L'art. 2392 c.c. prevede alcuni (ovvi) temperamenti quali diretta conseguenza del fatto che la responsabilità degli amministratori non è oggettiva ma deriva da colpa. Ed, infatti, non è responsabile (solidalmente) l'amministratore che, essendo venuto a conoscenza di fatti pregiudizievoli, abbia fatto tutto quanto poteva per impedirne il compimento o eliminarne o attenuarne le conseguenze dannose (art. 2392, comma 2, c.c.); parimenti, la responsabilità non si estende all'amministratore che, essendo immune da colpa (non si tratta di una tautologia), abbia fatto annotare senza ritardo il suo dissenso nel libro delle adunanze e delle deliberazioni del consiglio di amministrazione, dandone immediata notizia per scritto al presidente del collegio sindacale (art. 2392, ultimo comma, c.c.).

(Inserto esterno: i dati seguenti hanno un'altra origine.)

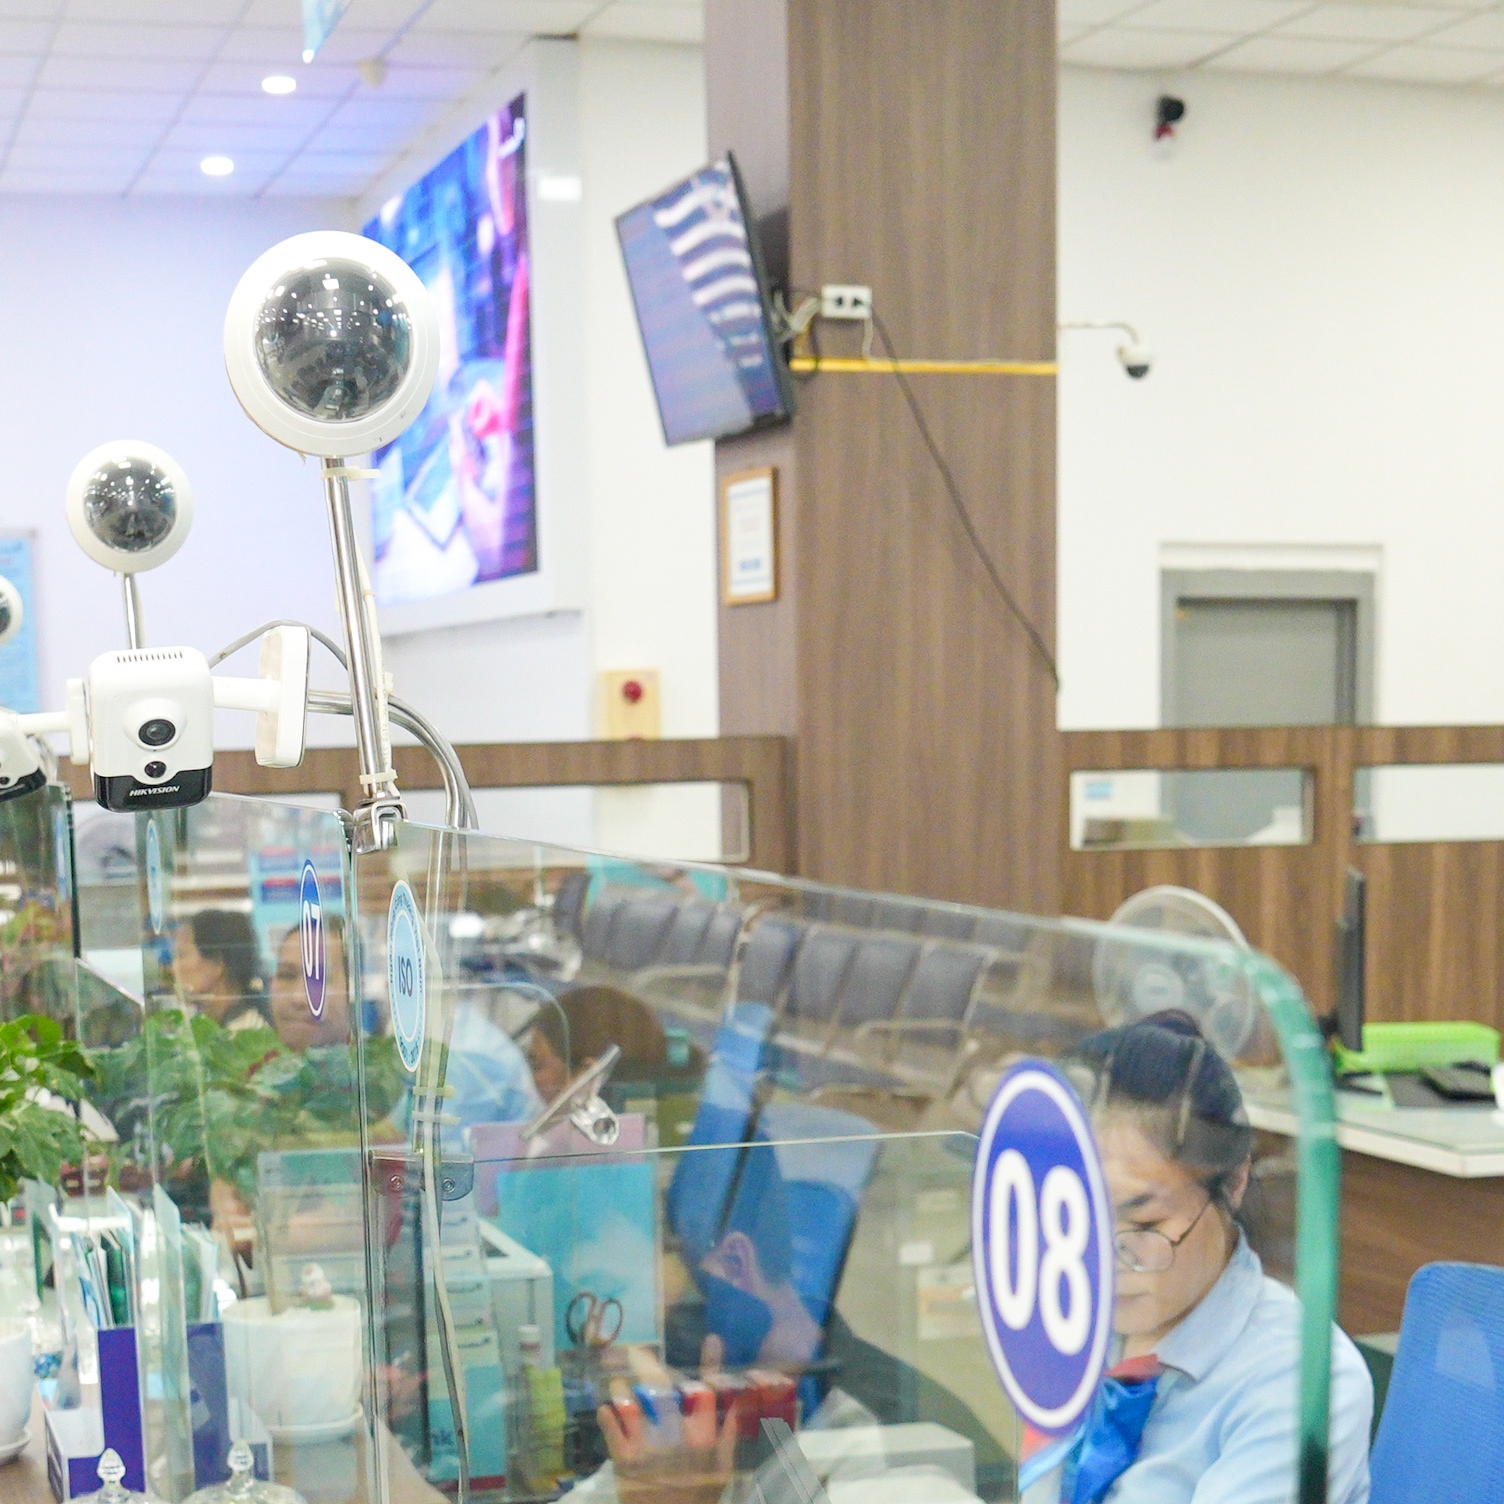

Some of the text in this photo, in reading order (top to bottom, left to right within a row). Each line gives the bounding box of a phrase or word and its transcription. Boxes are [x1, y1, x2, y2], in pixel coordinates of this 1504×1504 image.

L'art. 1176, comma 2, c.c. e il ruolo del parametro della diligenza e della perizia

L'adempimento è regolato dall'art. 1176 c.c. con riferimento alle obbligazioni in generale: da contratto (ed è il caso in esame), da fatto illecito o da qualsiasi altro fatto o atto idoneo a produrle.

In evidenza: criteri per valutare l'esattezza della prestazione (Galgano, Trattato di diritto civile, Padova, 2015, II, 37 e ss.)

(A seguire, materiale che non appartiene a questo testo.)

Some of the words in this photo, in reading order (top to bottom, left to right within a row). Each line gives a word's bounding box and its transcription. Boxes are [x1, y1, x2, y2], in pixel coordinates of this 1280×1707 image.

le modalità dell'esecuzione

il tempo dell'esecuzione

il luogo dell'esecuzione

la persona che esegue la prestazione

la persona destinataria della prestazione

l'identità della prestazione

Il debitore, secondo l'art. 1176, comma 1, c.c., deve adempiere le obbligazioni usando la diligenza del buon padre di famiglia, vale a dire, secondo un parametro universalmente accettato, la diligenza dell'uomo medio. Non si richiede una diligenza eccezionale ma quella che è solitamente prestata nell'assolvimento delle normali attività della vita e degli impegni: dunque, secondo l'id quod plerumque accidit.

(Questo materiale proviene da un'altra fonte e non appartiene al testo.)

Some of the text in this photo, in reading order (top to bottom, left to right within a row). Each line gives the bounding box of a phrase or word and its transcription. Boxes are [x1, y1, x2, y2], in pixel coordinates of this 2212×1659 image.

La riforma del diritto societario, modificando, nello specifico, l'art. 2392 c.c., ha stabilito che gli amministratori devono adempiere i doveri ad essi imposti dalla legge e dallo statuto con la diligenza richiesta dalla natura dell'incarico e dalle loro specifiche competenze, venendo così meno ogni riferimento alla figura del mandatario e con essa la diligenza del buon padre di famiglia, dovendo, pertanto, applicarsi il secondo comma dell'art. 1176 c.c. che prevede, invece, una diligenza professionale. Le obbligazioni degli amministratori continuano ad essere considerate obbligazioni di mezzi e non di risultato, con la precisazione che tali obbligazioni devono essere adempiute con la diligenza esigibile da parte di chi ha assunto il compito di gestire un'impresa. Tuttavia, ciò non significa che gli amministratori debbano necessariamente essere periti in contabilità, in materia finanziaria, e in ogni settore della gestione e dell'amministrazione dell'impresa sociale, ma significa che le loro scelte devono essere informate e meditate, basate sulle rispettive conoscenze e frutto di un rischio calcolato, e non di irresponsabile o negligente improvvisazione (Relazione alla riforma del diritto societario, § 6, III, 4).

Alla diligenza così intesa, devono essere associate la prudenza e la perizia. La prima comporta il dovere di non compiere operazione avventate che nessun imprenditore avveduto porrebbe in essere, mentre la seconda si riferisce alla capacità di gestire un'impresa, tenuto conto delle sue dimensioni e della sua attività specifica. Infine, l'art. 2392 c.c. esige che gli amministratori agiscano, oltre che con la diligenza richiesta dalla natura dell'incarico, anche con quella propria delle loro specifiche competenze, così riferendosi alle cognizioni tecnico-professionali delle quali gli amministratori eventualmente siano portatori ed in virtù delle quali questi ultimi siano stati appositamente scelti, così come previsto, specificatamente, dall'art. 2387 c.c., in relazione al requisito della professionalità. Pertanto, se gli amministratori fossero scelti per le loro specifiche competenze professionali (avvocati, ingegneri, architetti, dottori commercialisti, ecc.) o tecniche (chimici, biologi, fisici, matematici, ecc.), il grado di diligenza, prudenza e perizia andrà valutato in misura direttamente proporzionale alla loro competenza professionale o tecnica. Come è stato molto acutamente osservato, l'amministratore deve dotarsi della preparazione tecnica adeguata alla carica, o, altrimenti, rinunciarvi, anche se è il maggiore azionista della società, giacché non sono soltanto suoi, ma anche dei creditori e dei terzi in genere, gli interessi in gioco (Galgano – Genghini, Gli amministratori, in Galgano (diretto da), Trattato di diritto commerciale e di diritto pubblico dell'economia, Il nuovo diritto societario, XXIX, 1, Padova, 2004, 285).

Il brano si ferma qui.